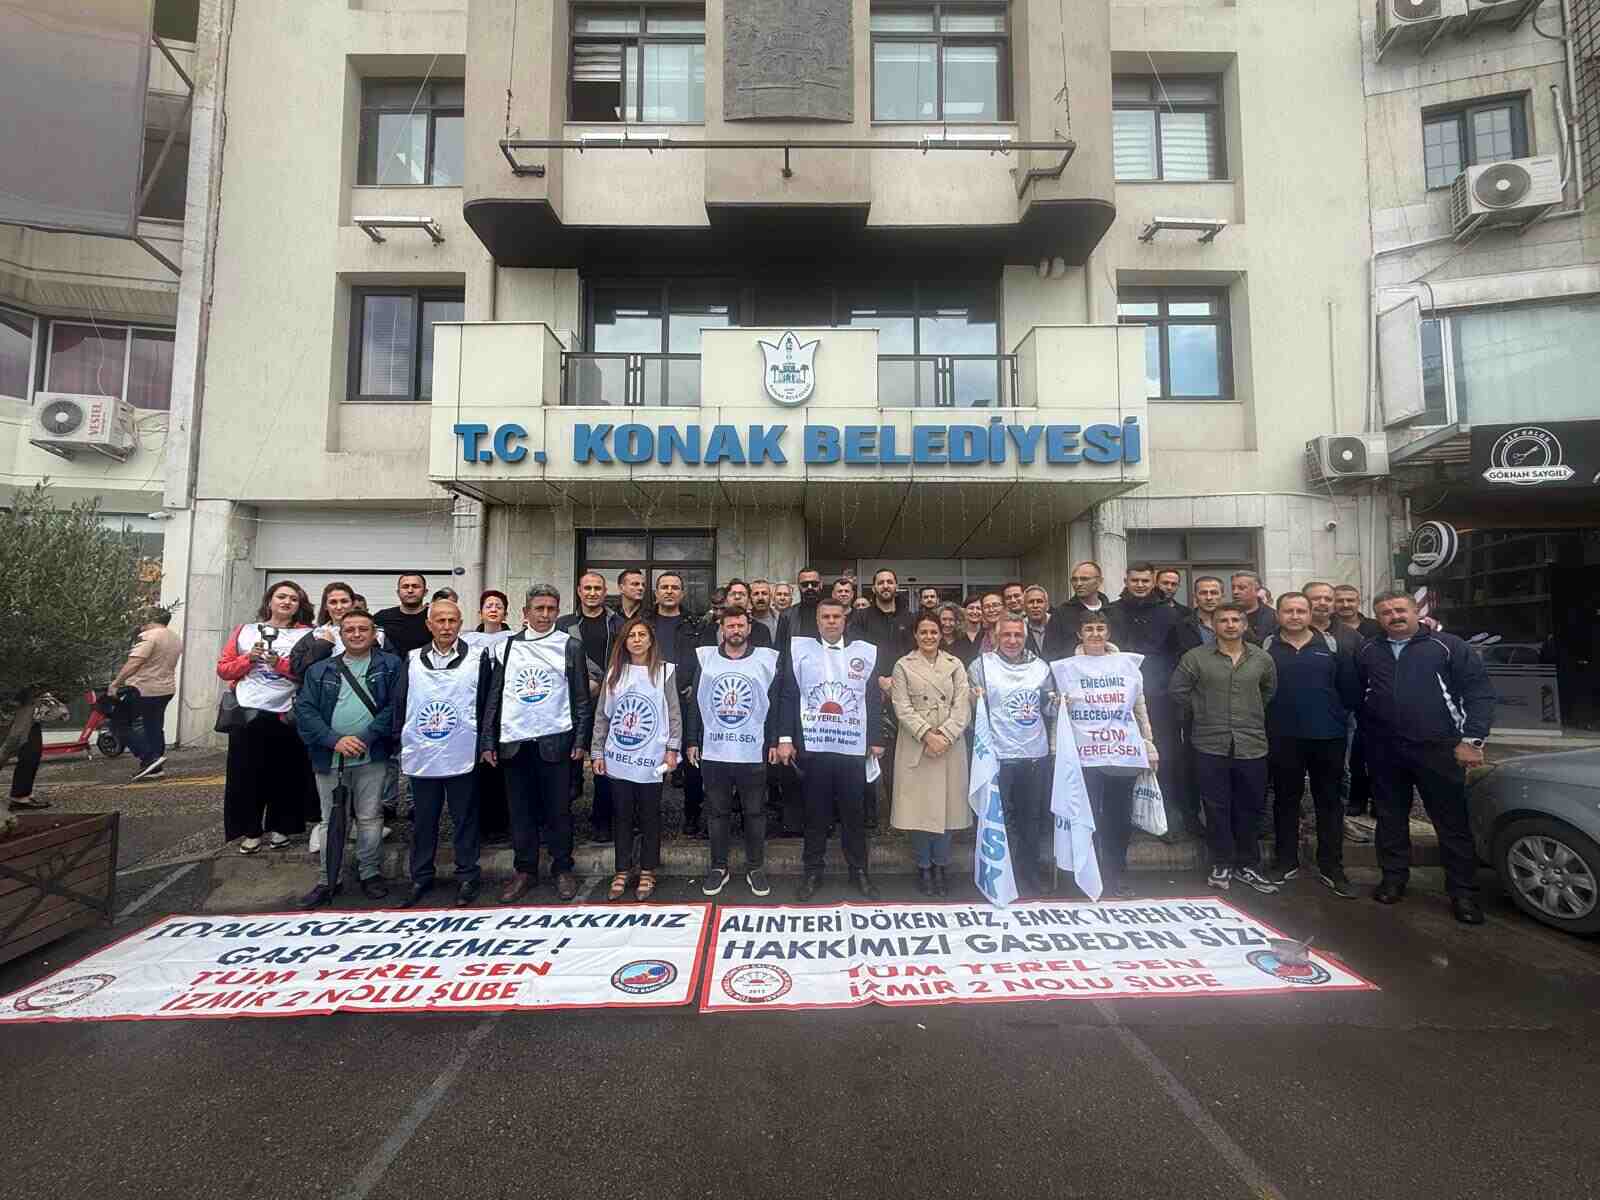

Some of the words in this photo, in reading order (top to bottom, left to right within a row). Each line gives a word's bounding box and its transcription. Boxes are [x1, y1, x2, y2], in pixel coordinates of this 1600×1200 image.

[88, 404, 102, 435] VESTEL
[454, 423, 547, 464] T.C.
[573, 424, 787, 465] KONAK
[804, 416, 1141, 465] BELEDİYESİ
[615, 752, 656, 767] BEL-SEN
[145, 921, 286, 941] TOPLU
[284, 914, 493, 938] SÖZLEŞME
[496, 912, 691, 930] HAKKIMIZ
[720, 910, 842, 933] ALINTERİ
[851, 909, 948, 930] DÖKEN
[954, 907, 1009, 930] BİZ,
[1015, 906, 1091, 927] EMEK
[1094, 905, 1182, 925] VEREN
[1177, 902, 1243, 923] BİZ,
[216, 944, 341, 965] GASP
[338, 935, 546, 962] EDİLEMEZ
[550, 937, 571, 955] !
[722, 934, 952, 960] HAKKIMIZI
[965, 930, 1187, 953] GASBEDEN
[190, 967, 298, 986] TÜM
[316, 961, 443, 982] YEREL
[459, 961, 552, 977] SEN
[847, 962, 946, 977] TÜM
[956, 959, 1101, 975] YEREL
[1112, 958, 1208, 970] SEN
[160, 985, 277, 1011] İZMİR
[276, 990, 306, 1008] 2
[316, 985, 422, 1004] NOLU
[429, 981, 523, 1004] ŞUBE
[966, 980, 992, 993] 2
[1002, 975, 1115, 991] NOLU
[1124, 973, 1224, 991] ŞUBE
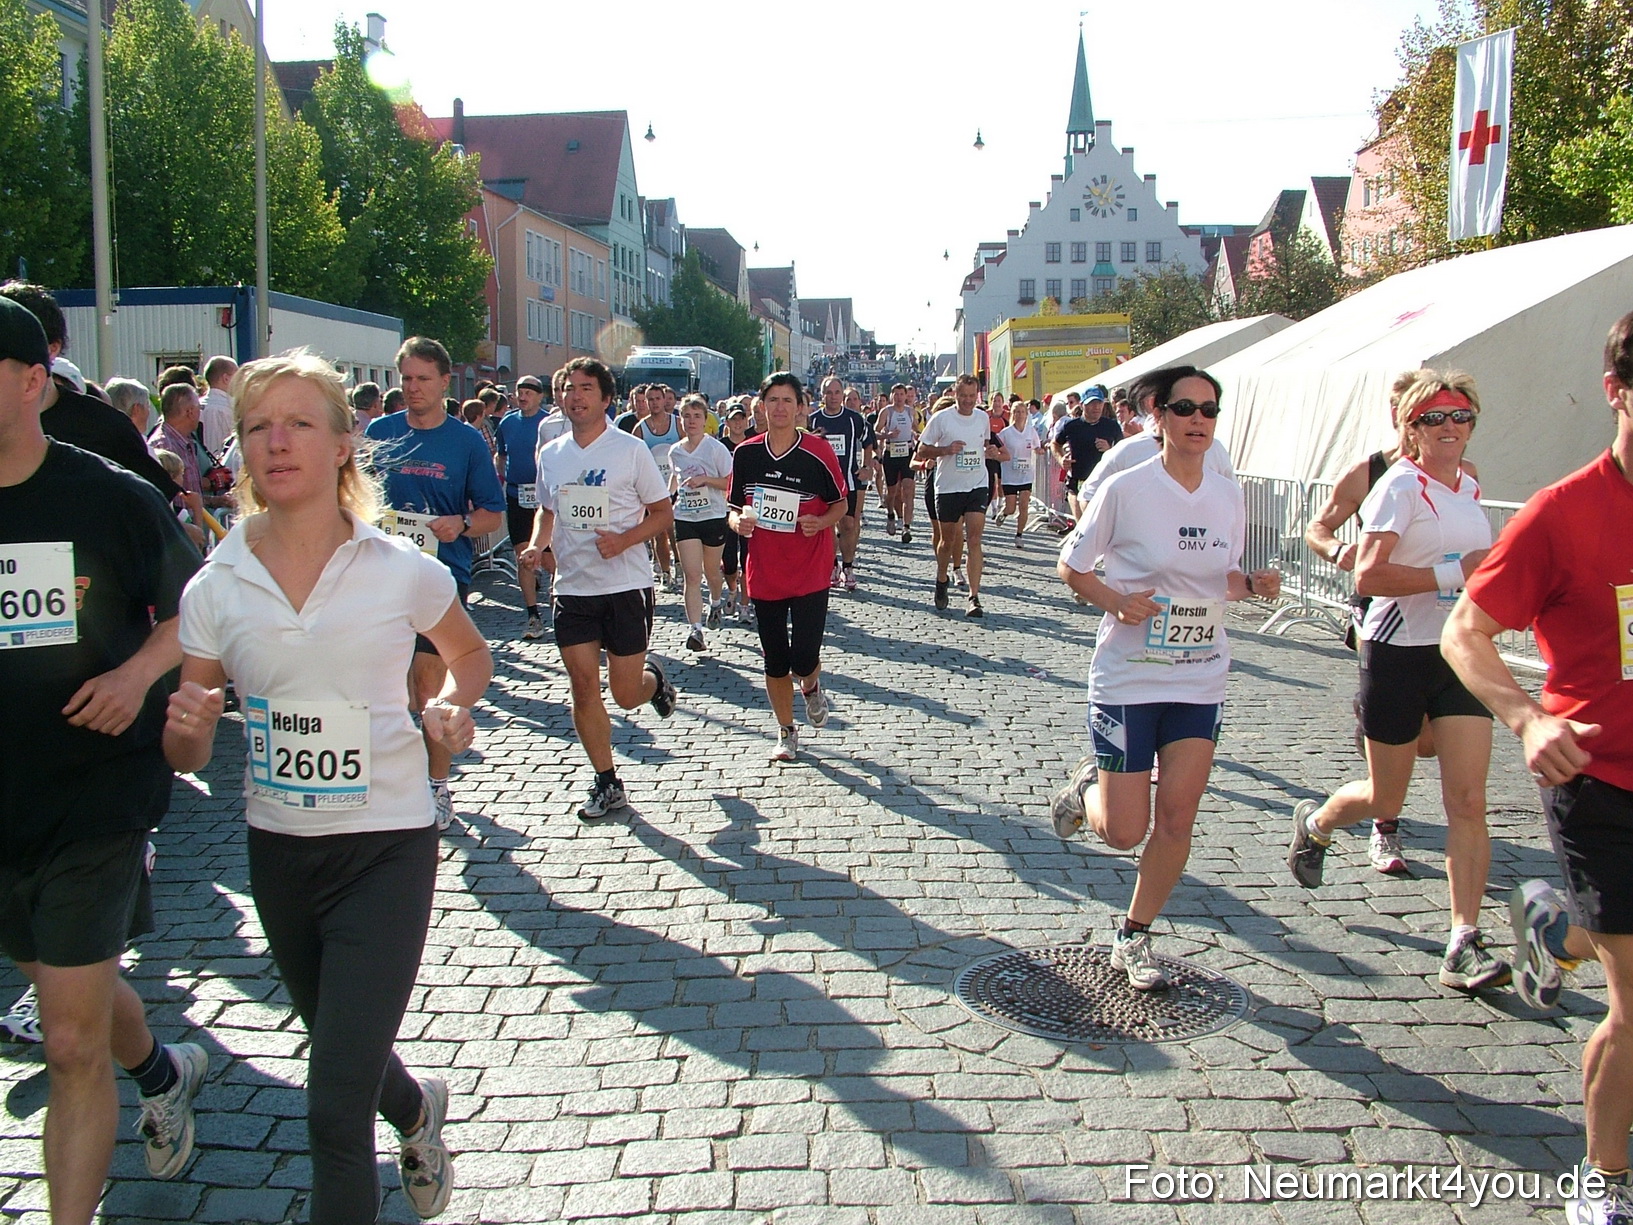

|---|

== Instructions for the task ==
Each entry above should be given again exactly, with its pictures omitted.

== Written answer ==
Some of the words in this photo, in reading order (top to bottom, left to right within a row). Each line gives a word's bounding box and its transcription. Boxes are [x1, y1, x2, y2], in pixel coordinates of this 1600×1200 image.

[88, 404, 102, 435] VESTEL
[454, 423, 547, 464] T.C.
[573, 424, 787, 465] KONAK
[804, 416, 1141, 465] BELEDİYESİ
[615, 752, 656, 767] BEL-SEN
[145, 921, 286, 941] TOPLU
[284, 914, 493, 938] SÖZLEŞME
[496, 912, 691, 930] HAKKIMIZ
[720, 910, 842, 933] ALINTERİ
[851, 909, 948, 930] DÖKEN
[954, 907, 1009, 930] BİZ,
[1015, 906, 1091, 927] EMEK
[1094, 905, 1182, 925] VEREN
[1177, 902, 1243, 923] BİZ,
[216, 944, 341, 965] GASP
[338, 935, 546, 962] EDİLEMEZ
[550, 937, 571, 955] !
[722, 934, 952, 960] HAKKIMIZI
[965, 930, 1187, 953] GASBEDEN
[190, 967, 298, 986] TÜM
[316, 961, 443, 982] YEREL
[459, 961, 552, 977] SEN
[847, 962, 946, 977] TÜM
[956, 959, 1101, 975] YEREL
[1112, 958, 1208, 970] SEN
[160, 985, 277, 1011] İZMİR
[276, 990, 306, 1008] 2
[316, 985, 422, 1004] NOLU
[429, 981, 523, 1004] ŞUBE
[966, 980, 992, 993] 2
[1002, 975, 1115, 991] NOLU
[1124, 973, 1224, 991] ŞUBE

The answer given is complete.